Thus, in some embodiments, formulations of the present invention are provided for use in reducing or preventing a subject's risk of contracting a viral infection (eg, COVID-19), wherein the subject is at high risk for COVID-19 and , eg, the subject is selected from the group defined above. In some embodiments, formulations are provided for use in the prophylaxis of uninfected subjects at high risk for COVID-19, such as subjects selected from the groups defined above. Prevention may be to reduce the risk of a subject contracting symptomatic or asymptomatic COVID-19 infection. Prophylaxis may be aimed at reducing the risk of death and/or severity of symptoms (subjects must be infected with COVID-19). Prophylaxis may be to reduce the risk of a subject getting moderate or severe COVID-19.

In some embodiments, prophylaxis reduces the risk of the subject getting a secondary infection (eg, secondary bacterial infection), wherein the subject is at high risk for COVID-19, eg, the subject is in a group defined above is selected from Prevention can reduce the risk of death or severity of secondary infections.

Therefore, the formulation of the present invention is particularly suitable for prophylactic treatment of high-risk groups, ie, subjects at high risk for infections such as COVID-19. A “subject at high risk for COVID-19,” also referred to as a “high-risk subject” or “high-risk patient,” includes a subject with a weakened (i.e., immunocompromised) immune system that reduces the body's ability to fight infections and other diseases. . It also reduces the subject's ability to recover from infection.
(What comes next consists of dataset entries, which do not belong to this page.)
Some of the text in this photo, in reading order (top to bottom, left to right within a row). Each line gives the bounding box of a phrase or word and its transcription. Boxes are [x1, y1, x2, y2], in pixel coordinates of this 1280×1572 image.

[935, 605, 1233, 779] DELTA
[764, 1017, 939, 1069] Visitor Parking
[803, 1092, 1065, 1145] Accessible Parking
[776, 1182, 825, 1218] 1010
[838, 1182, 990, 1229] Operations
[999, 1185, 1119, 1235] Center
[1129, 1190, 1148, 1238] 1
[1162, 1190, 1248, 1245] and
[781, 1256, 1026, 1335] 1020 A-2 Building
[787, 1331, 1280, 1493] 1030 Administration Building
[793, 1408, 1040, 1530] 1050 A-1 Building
A high-risk subject may have a higher risk of contracting COVID-19 and/or suffering from a more severe and/or longer-term infection. High-risk subjects may also be more susceptible to different types of infections, such as secondary infections.

In some people, COVID-19 can cause symptoms that persist for weeks or months after the infection clears up. This is called “long COVID” or “post-COVID-19 syndrome”. Subjects with long COVID may experience symptoms for at least 4, 6, 8, 10, 12, 16, 20 or 24 weeks or at least 3, 4, 6, 8, 10, 12 months after the infection clears up. The subject may experience symptoms for at least 8 weeks or at least 12 weeks. Long COVID symptoms may include one or more of the following: extreme tiredness (fatigue); shortness of breath; chest pain or tightness; memory and/or concentration problems ('brain fog'); sleep disturbance (insomnia); dizziness; tingling ('tingling') in the hands and/or feet; joint pain; depression; unrest; tinnitus; earache; sickness; diarrhea; colic; loss of appetite; High temperature; palpitations; chest pain; joint and/or muscle pain; cough; headache; sore throat; change in taste and/or smell; skin rash; or hair loss.
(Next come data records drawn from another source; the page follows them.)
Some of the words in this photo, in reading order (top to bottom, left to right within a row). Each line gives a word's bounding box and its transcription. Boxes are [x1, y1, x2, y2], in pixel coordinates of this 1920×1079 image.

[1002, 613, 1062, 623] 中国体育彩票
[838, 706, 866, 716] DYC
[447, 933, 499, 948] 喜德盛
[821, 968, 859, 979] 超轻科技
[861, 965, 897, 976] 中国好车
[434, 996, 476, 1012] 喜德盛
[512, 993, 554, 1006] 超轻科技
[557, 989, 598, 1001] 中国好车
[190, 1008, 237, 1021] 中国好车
In some embodiments, formulations of the present invention for use in treating, preventing or reducing the incidence of long COVID are provided. Treatment with the formulations of the present invention may reduce the duration of Long COVID and/or reduce the number and/or severity of symptoms of Long COVID.

In certain embodiments, a formulation of the invention for use in treating a viral infection (eg, COVID-19) in a subject is provided, wherein the subject is selected from the group defined above. In some embodiments, the formulation is administered intranasally.
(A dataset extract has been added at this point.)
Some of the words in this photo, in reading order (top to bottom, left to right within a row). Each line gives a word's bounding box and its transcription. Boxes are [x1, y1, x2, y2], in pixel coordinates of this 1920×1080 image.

In some embodiments, the treatment comprises administering a formulation of the invention in combination with an additional therapeutic or prophylactic agent. Additional therapeutic or prophylactic agents may be antiviral agents (eg remdesivir), anti-inflammatory agents (eg steroids such as dexamethasone), immunosuppressive agents, neutralizing antibodies or antithrombotic agents. Combination therapy may be particularly beneficial for subjects with severe viral infections (eg, severe COVID-19).

bacterial infection

In some embodiments, the formulations and methods described herein are used for the treatment of bacterial infections, eg, pulmonary bacterial infections. The bacterial infection may be a primary infection (i.e., the primary or only disease the subject suffers from), or the bacterial infection may be a secondary infection associated with another (primary) infection (eg, a viral infection) or an inflammatory disease. .

In some embodiments, the formulations and methods described herein are useful for treating chronic lung diseases such as cystic fibrosis (CF), non-cystic fibrosis bronchiectasis (non-CFBE)), chronic obstructive pulmonary disease (COPD), or non-tuberculous mycobacteria. (NTM) for the treatment or prevention of bacterial infections in the lungs of subjects with pulmonary infections.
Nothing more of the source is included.